[Collected data]
________________________
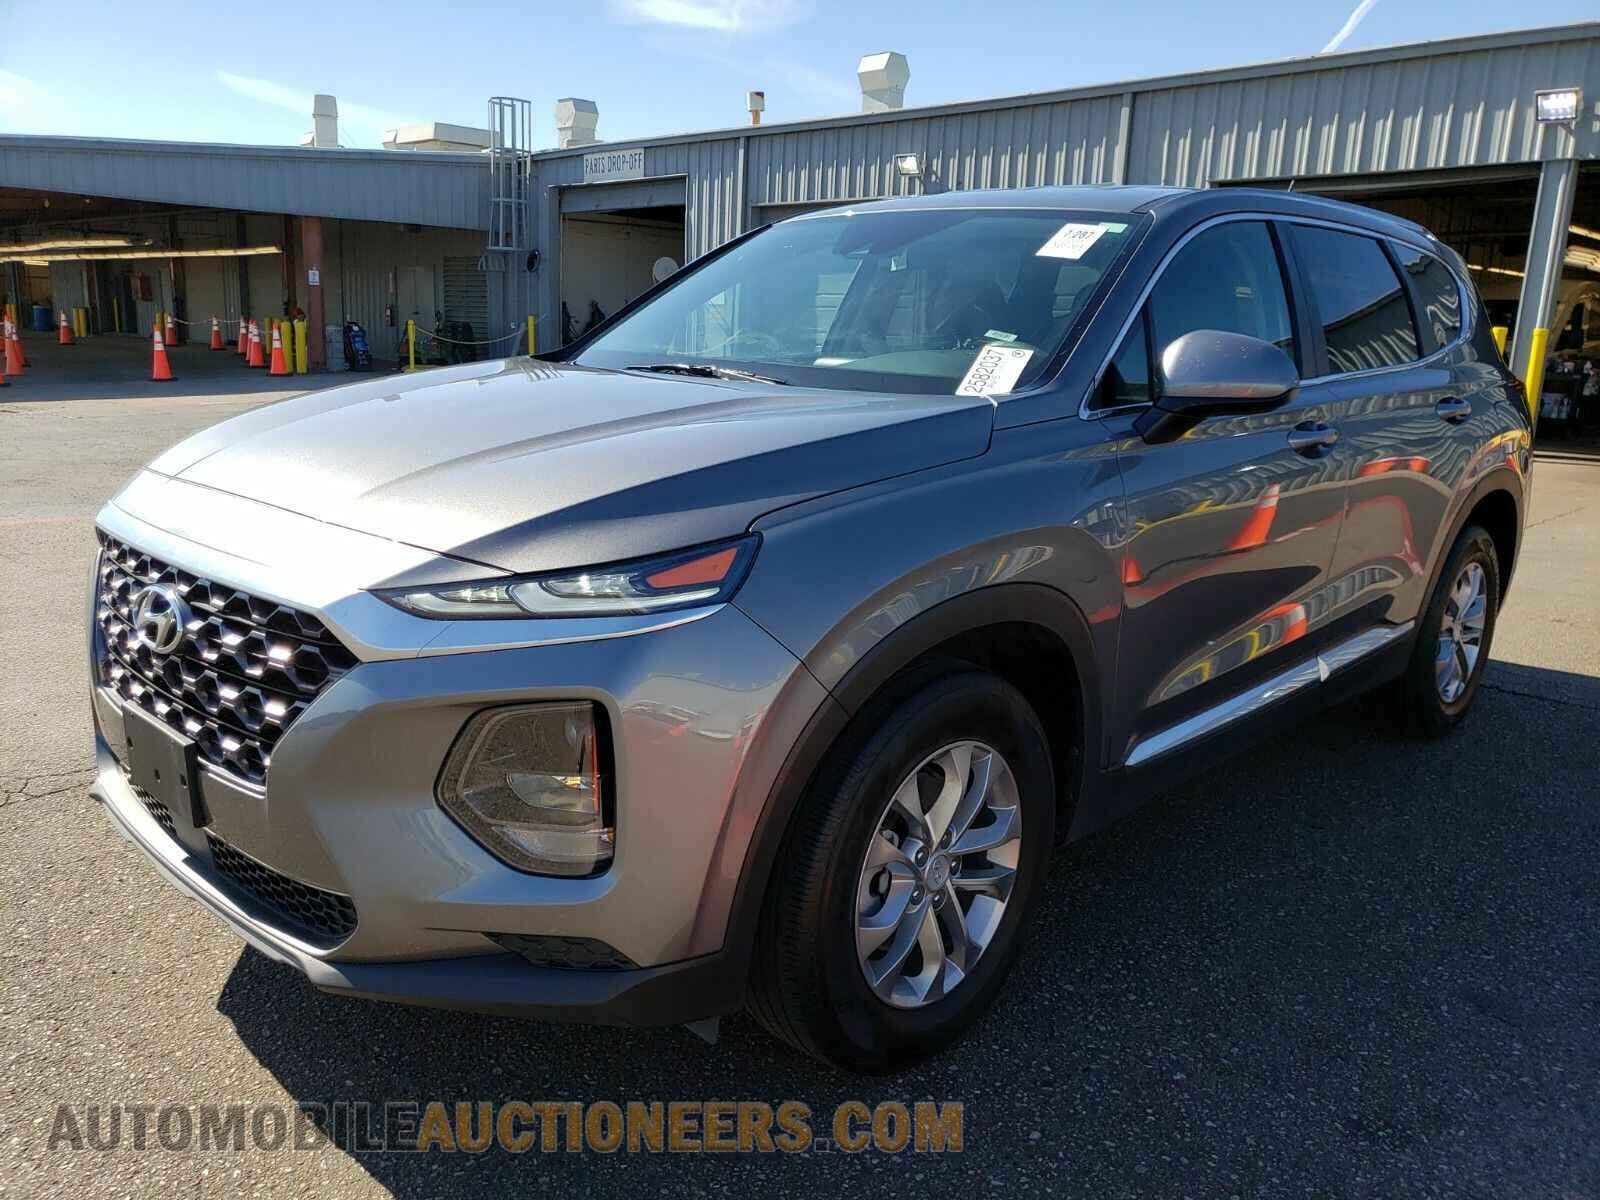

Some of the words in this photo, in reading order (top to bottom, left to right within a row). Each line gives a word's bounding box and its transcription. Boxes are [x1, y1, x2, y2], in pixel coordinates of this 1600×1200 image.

[585, 156, 605, 174] PARTS
[607, 152, 643, 171] DROP-OFF
[963, 349, 1005, 393] 2582037
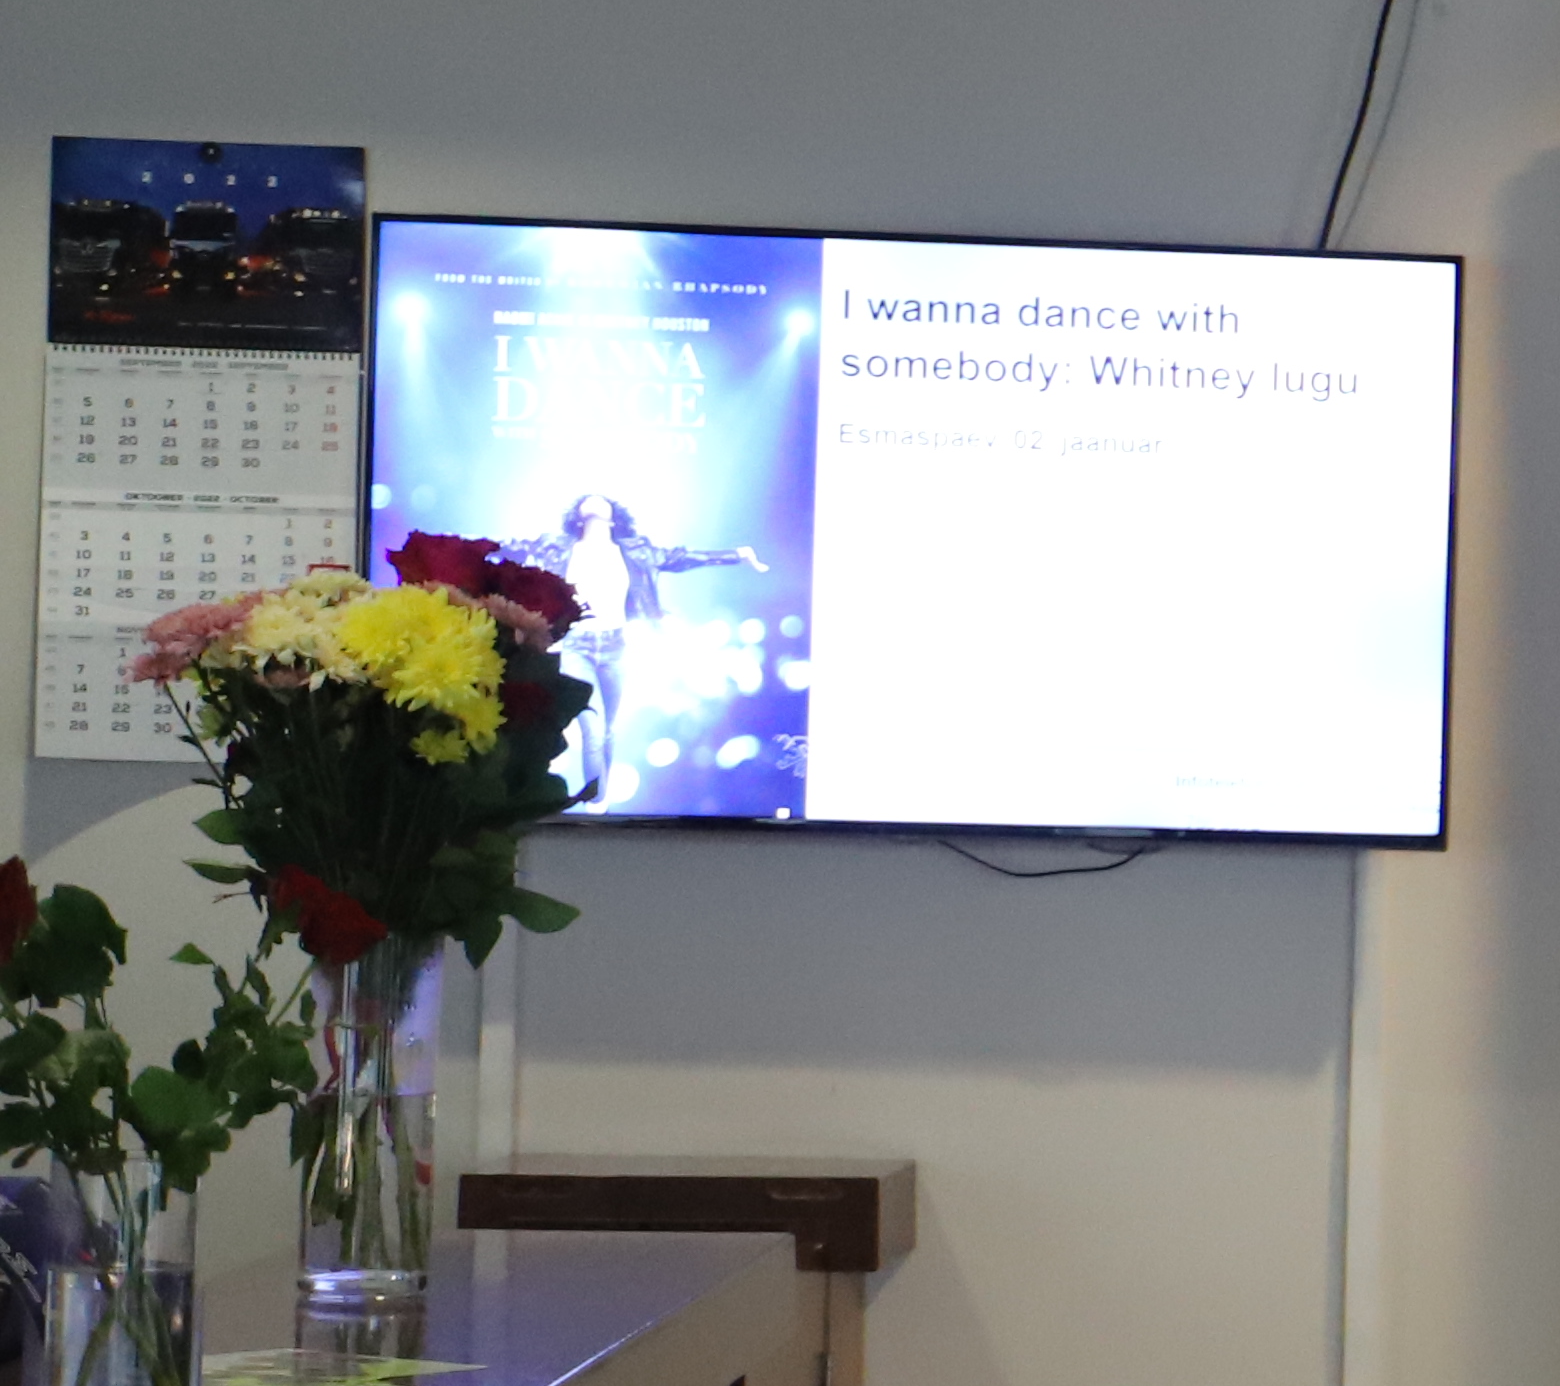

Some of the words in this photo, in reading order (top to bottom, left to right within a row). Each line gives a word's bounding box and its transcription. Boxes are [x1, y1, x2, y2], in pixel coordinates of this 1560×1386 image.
________________________
### AIM OF THE TASK:
Exclude the pictures and repeat the entries word for word.

### WRITTEN REPLY:
Some of the words in this photo, in reading order (top to bottom, left to right within a row). Each line gives a word's bounding box and its transcription. Boxes are [x1, y1, x2, y2], in pixel coordinates of this 1600×1200 image.

[585, 156, 605, 174] PARTS
[607, 152, 643, 171] DROP-OFF
[963, 349, 1005, 393] 2582037

Some of the words in this photo, in reading order (top to bottom, left to right within a row). Each line gives a word's bounding box and its transcription. Boxes are [x1, y1, x2, y2], in pixel coordinates of this 1560×1386 image.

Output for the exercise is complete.